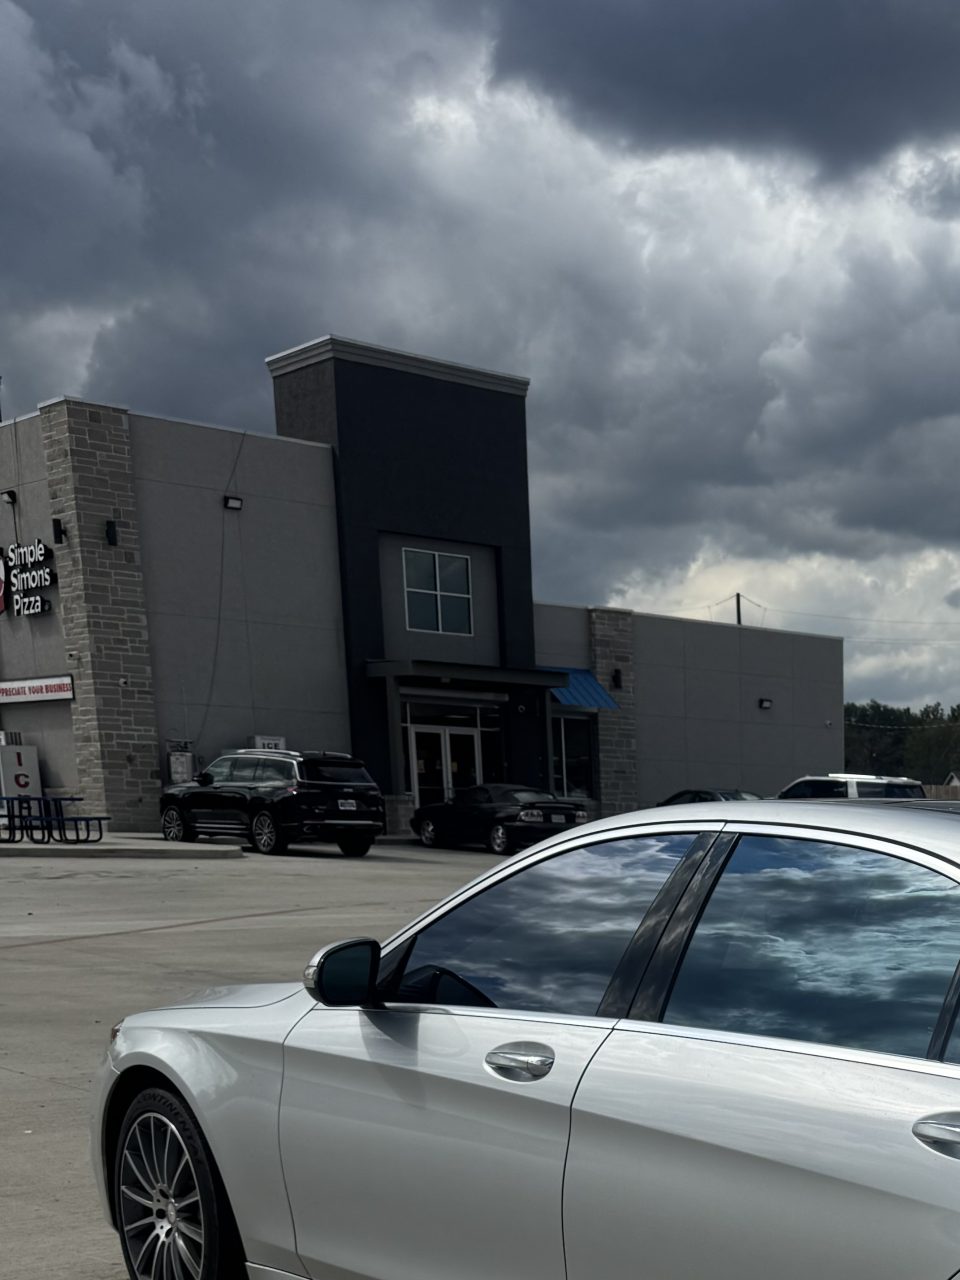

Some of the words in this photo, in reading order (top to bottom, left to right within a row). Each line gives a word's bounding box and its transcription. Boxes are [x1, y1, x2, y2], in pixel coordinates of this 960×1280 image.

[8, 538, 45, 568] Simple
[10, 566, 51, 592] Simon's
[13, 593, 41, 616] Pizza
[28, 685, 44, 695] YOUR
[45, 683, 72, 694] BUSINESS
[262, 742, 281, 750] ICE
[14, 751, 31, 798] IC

What is required: Could you reproduce the entries verbatim, leaving out all pictures?

Exercise response:
Some of the words in this photo, in reading order (top to bottom, left to right within a row). Each line gives a word's bounding box and its transcription. Boxes are [x1, y1, x2, y2], in pixel coordinates of this 960×1280 image.

[8, 538, 45, 568] Simple
[10, 566, 51, 592] Simon's
[13, 593, 41, 616] Pizza
[28, 685, 44, 695] YOUR
[45, 683, 72, 694] BUSINESS
[262, 742, 281, 750] ICE
[14, 751, 31, 798] IC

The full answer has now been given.